Jesse ranks #449 with 272 entries, registered male. The name comes from Hebrew Yishai (gift, or my god exists), best known biblically as the father of King David. Modern American adoption sits at a crossroads of country-Western tradition, biblical register, and contemporary pop culture.
The pop-culture layers
Several cultural anchors keep Jesse in active rotation. Jesse James, the 19th-century outlaw, gave the name its country-outlaw legacy. Toy Story 2's Jessie (1999) added a kid-facing cowgirl register. Breaking Bad's Jesse Pinkman (2008-2013) brought a contemporary, slightly tragic register. Full House's Uncle Jesse (1987-1995) gave the name a warmer family-sitcom anchor. Each generation reaches the name through a different door.
Sound fit and breed lean
Two syllables (JESS-ee), front-stressed, with a singing trailing vowel that recalls easily across distance. The name lands well on a wide range of breeds without strongly favoring any single cluster — Labradors, Goldens, Australian Shepherds, Border Collies, and friendly mixed breeds.

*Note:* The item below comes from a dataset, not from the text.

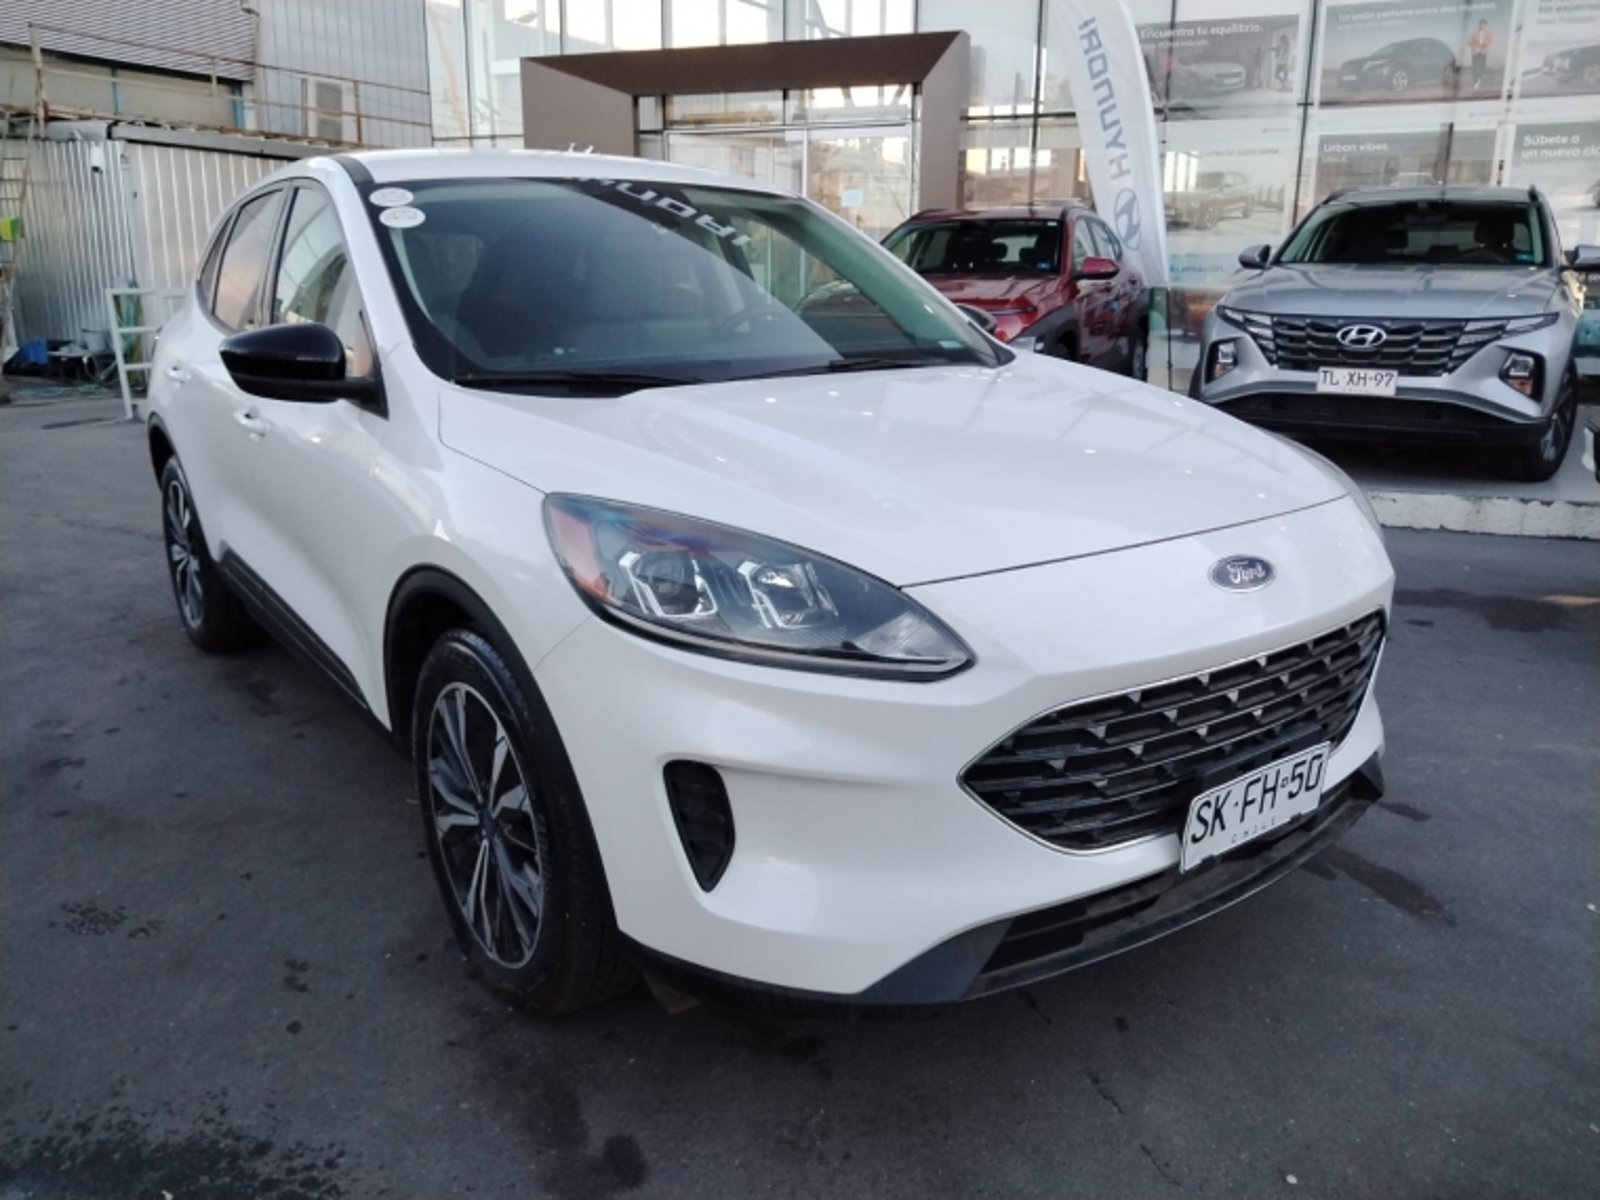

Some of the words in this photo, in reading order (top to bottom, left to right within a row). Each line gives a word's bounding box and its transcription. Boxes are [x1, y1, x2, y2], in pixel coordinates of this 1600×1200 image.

The breed-neutrality is unusual for a name this far down the chart.
The unisex layer
Worth flagging: Jesse and Jessie are spelled differently but pronounced identically, and the pet-naming data conflates them. The Jesse spelling skews male and biblical; the Jessie spelling skews female and Toy Story. Both feed the same call name. The human Jesse page shows steady SSA presence with the male-leaning trajectory holding across decades, even as the female Jessie spelling has cooled meaningfully on the human side.